Anche per me, di Rossana Rossanda
Rossana Rossanda, Anche per me. Donna, persona,
memoria dal 1973 al 1986, Saggi Feltrinelli, 1986
Un libro da rileggere, per ripensare il passato in maniera critica e per costruire,
oggi, un nuovo dialogo fra l'arcipelago del femminismo e quello della sinistra
[vedi anche la Storia del femminismo attraverso alcuni
libri pubblicato sul n° 2 di Sherazade]. Diversi i temi per cui lo segnaliamo,
di cui le citazioni qui di seguito rappresentano solo una piccola parte. Rossana
Rossanda individua alcuni limiti del separatismo, che fu la scelta che i collettivi
femministi fecero agli inizi degli anni settanta. E in questi limiti prefigura
anche degli scenari che poi si sono puntualmente verificati, nonché alcune critiche
che la sinistra ancora rivolge al femminismo:
"Da tempo [l'articolo è della seconda metà degli anni Settanta] questo compattarsi
e rinchiudersi per vincere non mi interessa, è consunto nell'esperienza di questo
secolo, nella quale abbiamo appreso che i mezzi usati per vincere trascolorano
sulle vittorie. Non vorrei affidarmi, né che qualcuno mi affidasse, persuasa
come sono che a nulla è più incline la donna che a una dipendenza e nulla le
è meno congeniale che camminare sulle proprie gambe. Resto quella che non pensa
possibile nessuna liberazione senza rapporti uguali, senza l'attraversamento
del territorio "avverso". E' finita con la presa dei palazzi d'inverno, le donne
lo scoprono tardi - e rischiano di abitare gli stessi palazzi, in ali separate,
con gli stessi rituali e rapporti da subalterni a capi […] vorrei che tutto
l'elaborato femminile precipitasse sul mondo e lo sconvolgesse; e che in questo
sconvolgimento ridefinissimo la sessualità, e il suo limite. ." p.26
"La fatica è che con l'andare del tempo il terreno da capire e scomporre per
la libertà diventa più grande, e gli strumenti più logori, e la percezione del
ritardo più ossessiva. Ma a questa sfida non saprei rinunciare: alle donne rimprovero
di ridurla. Qualche loro iterazione mi annoia. Chi ha preteso di cambiare le
regole del gioco non si contenterà di giocarlo, come donna, con più assi nella
manica"p.28
Rossanda comprende le ragioni del separatismo ma ne individua i rischi: "Ed
è che l'uomo sa già, insegna; la donna ascolta. L'uomo le idee giuste le impone,
e così, - mi dicono - già diventano meno giuste; le donne vorrebbero farle nascere".
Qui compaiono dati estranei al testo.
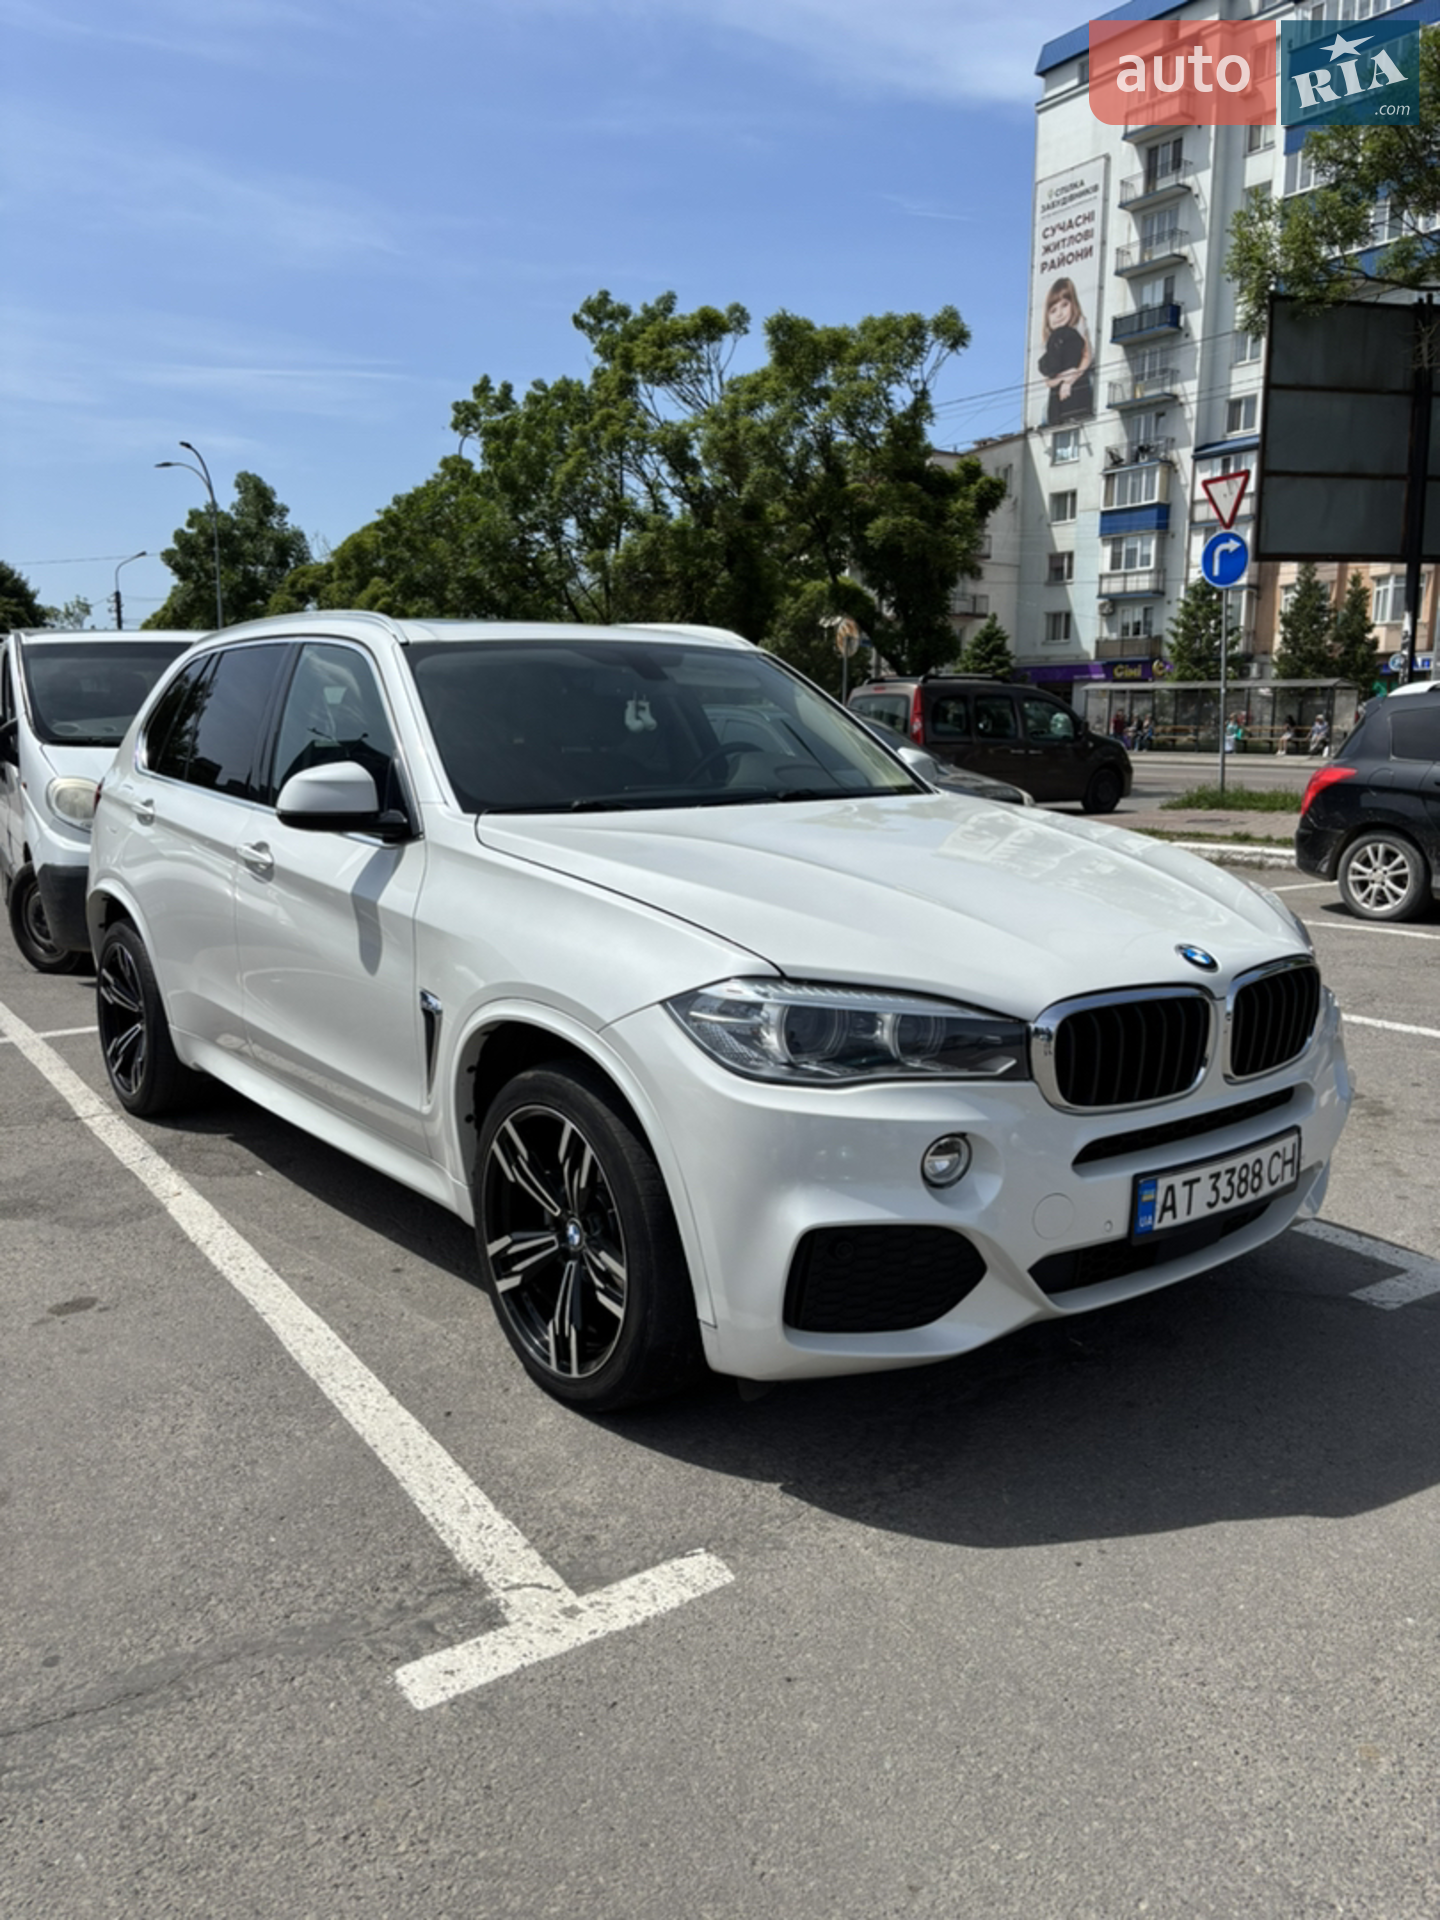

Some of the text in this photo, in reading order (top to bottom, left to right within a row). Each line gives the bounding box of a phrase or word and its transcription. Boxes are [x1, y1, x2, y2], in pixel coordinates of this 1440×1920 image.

[1042, 210, 1095, 239] СУЧАСНІ
[1041, 228, 1095, 256] ЖИТЛОВІ
[1040, 245, 1093, 274] РАЙОНИ
[1158, 1143, 1296, 1224] AT 3388 CH
E scelgono il movimento, fuori. "Quale movimento chiedo? […] Questo movimento
non lo vedo ; vedo che ci separiamo di fronte a un quadro politico peggio che
ambiguo, e a un'offensiva che ci fa ripiegare. Non state "mollando" davanti
a un'offensiva che ci disgrega? Rifiutano: no, il movimento c'è, sbagliate voi
a credere che sia finito con le grandi manifestazioni di piazza e il piccolo
gruppo: ora si sta raccogliendo e trovando una dimensione sua, la sua politica
nei tempi lunghi del dopo 20 giugno. Dateci fiducia, un giorno forse ci rincontreremo.[
…] Ma rischiamo di rivederci, le femministe ridotte come negli altri paesi a
sussulti di coscienza separati dal movimento di classe: e non era obbligatorio
perché in Italia c'erano - ci sono - condizioni senza precedenti (nella qualità
delle lotte, nella trasformazione dei valori, nella crisi totale della società)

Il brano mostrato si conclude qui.